I have always enjoyed pretending to talk about something completely ridiculous, but in a serious tone, in front of strangers. In fact, on my first trip in an airplane to Washington D.C. for a Key Club convention, the friend I went with told me, “John, if don’t start acting normal, I am not going to be seen with you.” As a resident I had this “skit” I’d do with the chief resident when we found ourselves in a crowded elevator of patients, residents and employees at Talmadge. I had a three year old son at the time and the skit involved speaking of him to the chief resident as if my son had gonococcal urethral stricture disease.

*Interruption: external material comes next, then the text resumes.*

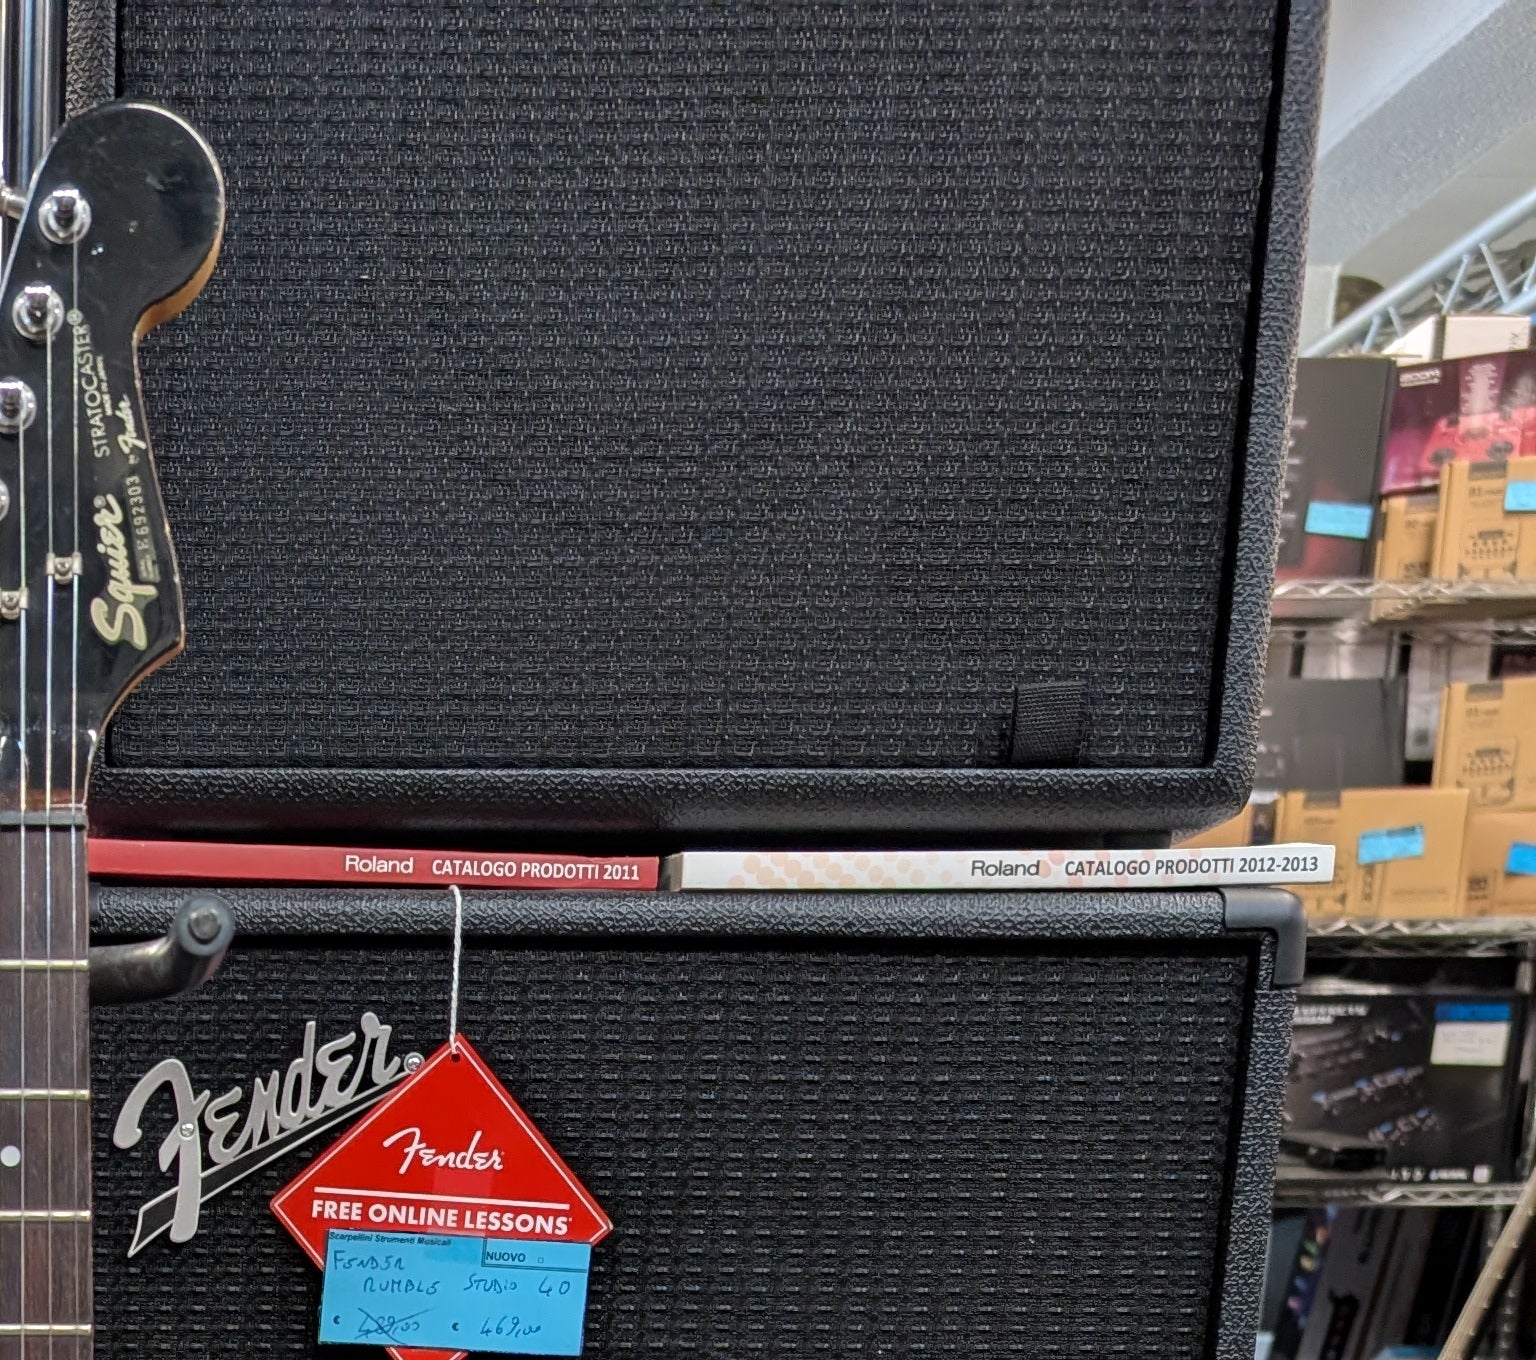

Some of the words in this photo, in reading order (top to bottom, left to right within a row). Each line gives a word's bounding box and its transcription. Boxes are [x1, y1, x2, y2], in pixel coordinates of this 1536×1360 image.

“Doug, I want to thank you for seeing my son in the clinic today. His stream had gotten down to a dribble and that watering pot perineum of his is making him have to wear diapers again.”
“No problem John. Man oh man does he have one bad ass stricture. He’s a trooper though; he tolerated an internal urethrotomy in the clinic today like a champ. Y’all can take the catheter out when he stops bleeding. Is he still self-dilating at home with Van Buren sounds?”
“Yes he is, well that is until the 10 French won’t go, then his mother uses the filiforms and followers to get him back up to a 16 French. That Blandy you did on him, although I appreciate your efforts, was a lot to go through and then still have to keep up the dilations.”
“I understand John but your son should have thought about all this before he went about catting around. His stricture is pan urethral and very tight. He may end up with s perineal urethrostomy with the stricture he’s got.”
“Doug, what makes this so hard for his mother and me is that he is only three.”
“Well John, as my mother bed used to say, “You make your bed.”
Rule: Gonococcal urethral strictures-The gift that keeps on giving.